## Description of the task
Aim for an exact copy of the listing, without any images.

## Listed records
◆ ◆ ◆ ◆

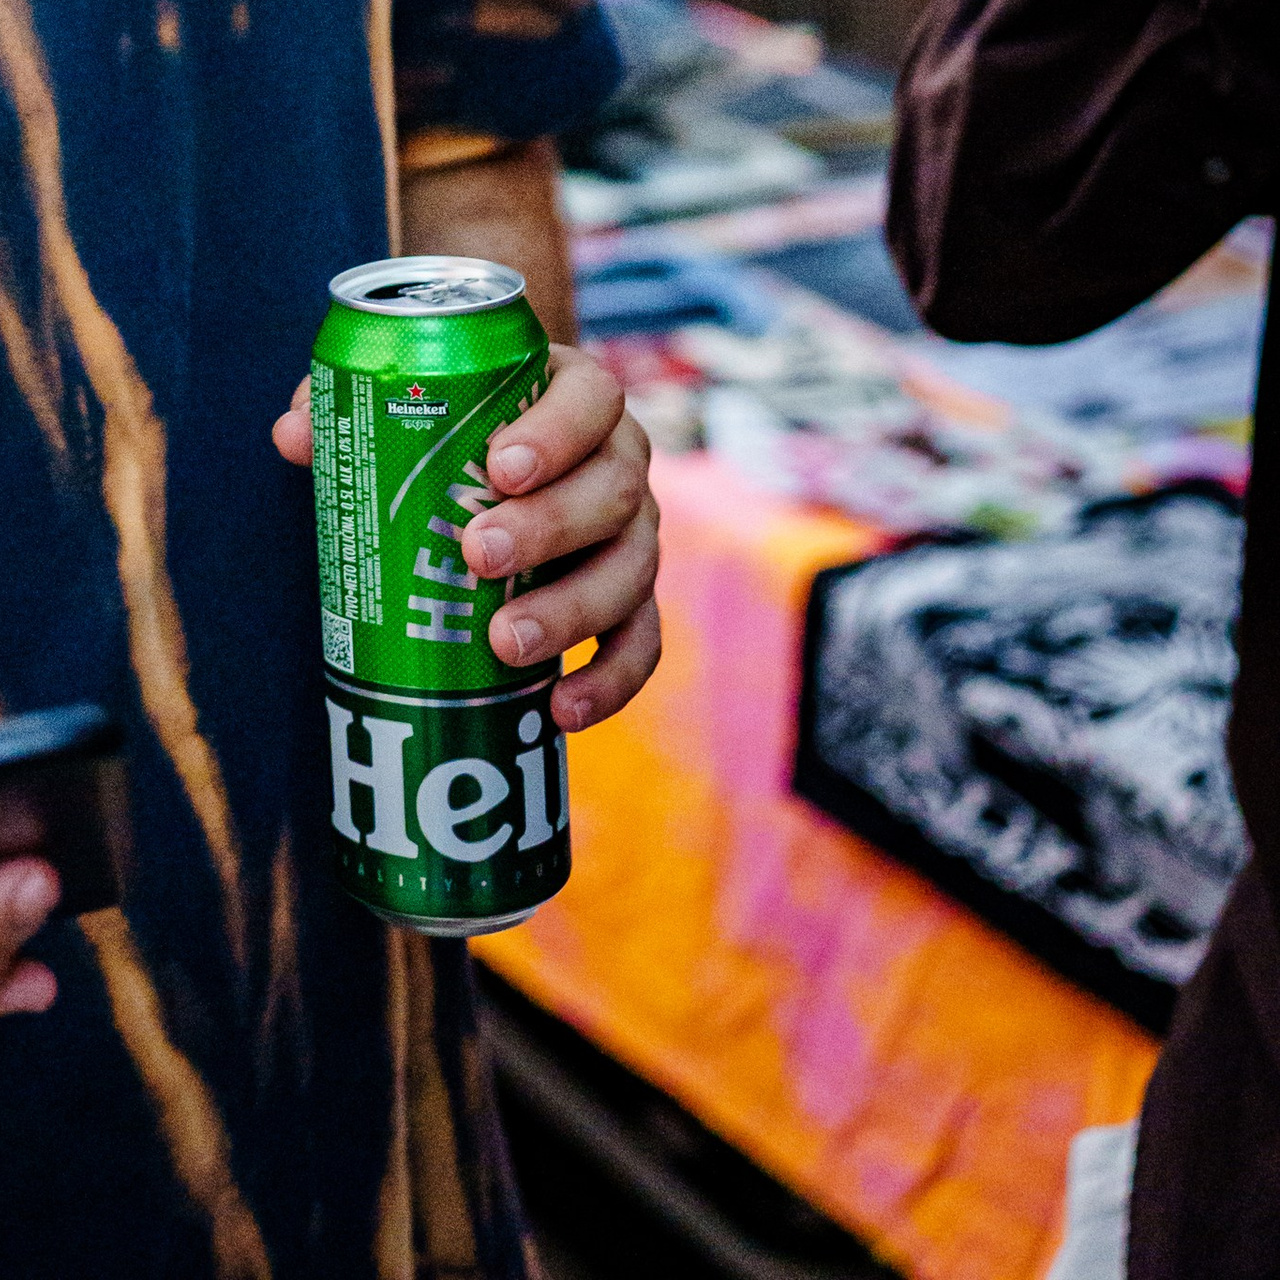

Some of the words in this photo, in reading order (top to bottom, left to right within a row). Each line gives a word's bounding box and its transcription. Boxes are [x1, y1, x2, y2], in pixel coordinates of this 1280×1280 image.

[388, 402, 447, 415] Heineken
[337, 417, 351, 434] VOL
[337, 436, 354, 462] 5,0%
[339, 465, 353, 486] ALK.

◆ ◆ ◆ ◆

## Result for this exercise
Some of the words in this photo, in reading order (top to bottom, left to right within a row). Each line gives a word's bounding box and its transcription. Boxes are [x1, y1, x2, y2], in pixel coordinates of this 1280×1280 image.

[388, 402, 447, 415] Heineken
[337, 417, 351, 434] VOL
[337, 436, 354, 462] 5,0%
[339, 465, 353, 486] ALK.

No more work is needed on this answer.